> >

Rekrut Preman, Kompolnas Minta Waspadai Potensi Kekerasan

Sosial | 12 September 2020, 08:41 WIB
Komisioner Kompolnas Poengky Indarti saat memberikan keterangan pers di Polda NTB, Sabtu (13/10/2018). (Sumber: KOMPAS.com/FITRI R)

JAKARTA, KOMPAS.TV - Ide Wakapolri Komjen Pol Gatot Eddy Pramono untuk rekrut preman guna membantu TNI-Polri menegakkan protokol kesehatan akan berpotensi menimbulkan kekerasan.

"Potensi abusive melalui teguran dan tindakan, misalnya nada suara tinggi atau membentak, atau misalnya jika ada orang yang ngeyel tidak mau pakai masker, akan terjadi adu fisik," kata Juru Bicara Komisi Kepolisian Nasional (Kompolnas) Poengky Indarti ketika dihubungi Kompas.com, Jumat (11/9/2020).

Namun Poengky tidak mempermasalahkan ide rekrut preman untuk membantu tugas Polri menegakkan protokol kesehatan. Karena tidak bisa dipungkiri, preman sebagai penguasa informal memiliki pengaruh di area seperti pasar, terminal, dan stasiun.

Baca Juga: Wakapolri akan Rekrut Preman untuk Awasi Warga, Ada Apa?

Menurut Poengky pelibatan tersebut dapat berdampak positif, bagi masyarakat dan preman itu sendiri. Namun diingatkannya lagi, adanya potensi kekerasan yang mungkin akan terjadi.

Untuk menghindari potensi kekerasan tersebut, maka tugas preman yang membantu menegakkan protokol kesehatan harus diawasi aparat kepolisian.

"Misalnya Bhabinkamtibmas yang bertugas di pasar, yang memahami dan mengenal medan," tutur dia.

Wacana Rekrut Preman Ide Gila

Ide Wakapolri Komjen Gatot Eddy Pramono menggunakan dan merekrut preman untuk mengawasi masyarakat menerapkan protokol kesehatan dipandang membahayakan.

"Ini ide gila dan nyeleneh dari Wakapolri. Menurut saya ini sedikit berbahaya ya," kata pengamat kebijakan publik Agus Pambagyo kepada Kompas TV, Jumat (11/9/2020).

Meskipun preman yang akan digunakan merupakan preman binaan, dan akan diawasi oleh TNI dan Polri, tetap saja mentalitasnya sebagai preman tidak akan hilang.

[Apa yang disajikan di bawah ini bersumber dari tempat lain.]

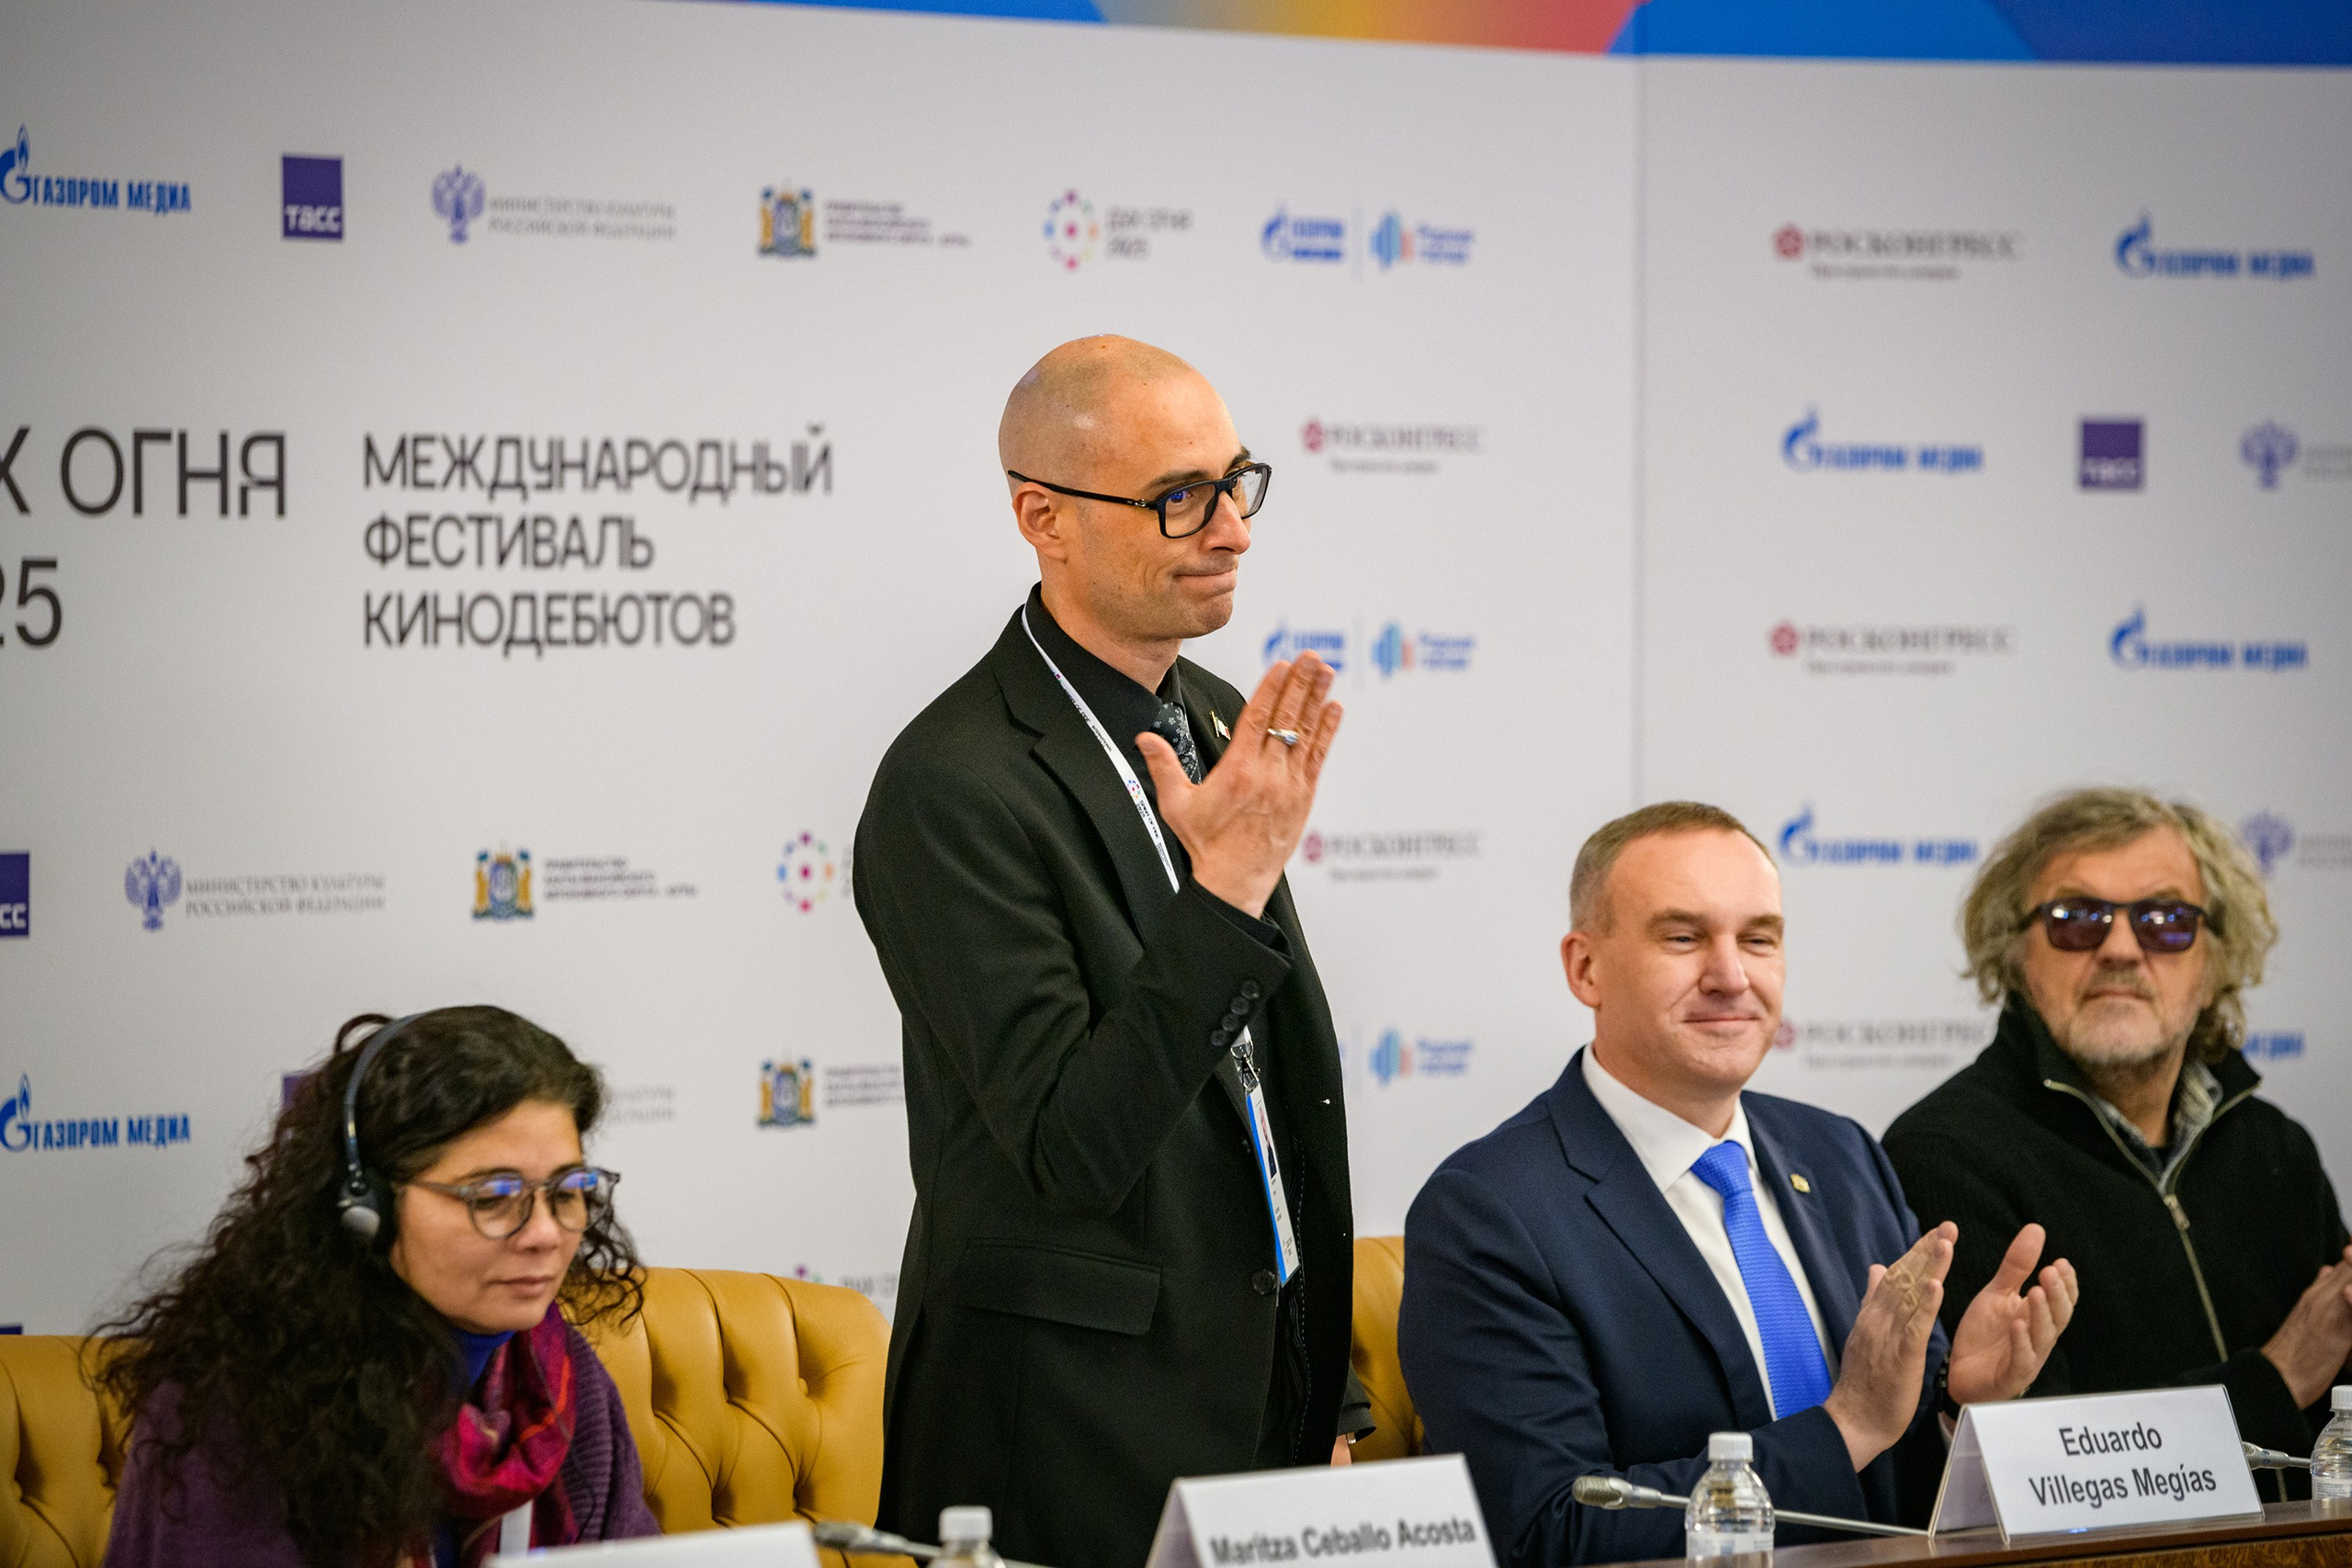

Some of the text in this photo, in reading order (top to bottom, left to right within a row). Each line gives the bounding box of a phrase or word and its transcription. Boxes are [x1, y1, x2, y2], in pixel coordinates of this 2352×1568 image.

Preman itu, kata Agus, kehidupannya sangat keras. Bertahun-tahun dia hidup dengan mentalitas seperti itu. Mentalitas preman itulah yang dikhawatirkan akan menyulut bentrok dengan masyarakat.

"Bagaimana jika nanti mereka kelewatan?" kata Agus.

Baca Juga: Catatan Kompolnas dan Pandangan Pengamat Soal Pelibatan Preman Jadi Pengawas Protokol Kesehatan

Harus diingat, kata Agus, kerumunan massa itu membahayakan. Ketika ada persoalan kecil saja akan memicu munculnya keributan, dan hal itu akan sulit menyelesaikannya.

Jadi, Agus tidak setuju dengan ide Wakapolri untuk menggunakan preman dalam penertiban protokol kesehatan Covid-19 di manapun.

"Jadi mohon maaf, saya agak khawatir dengan penggunaan preman untuk penegakan hukum, meski itu diawasi oleh TNI Polri," katanya.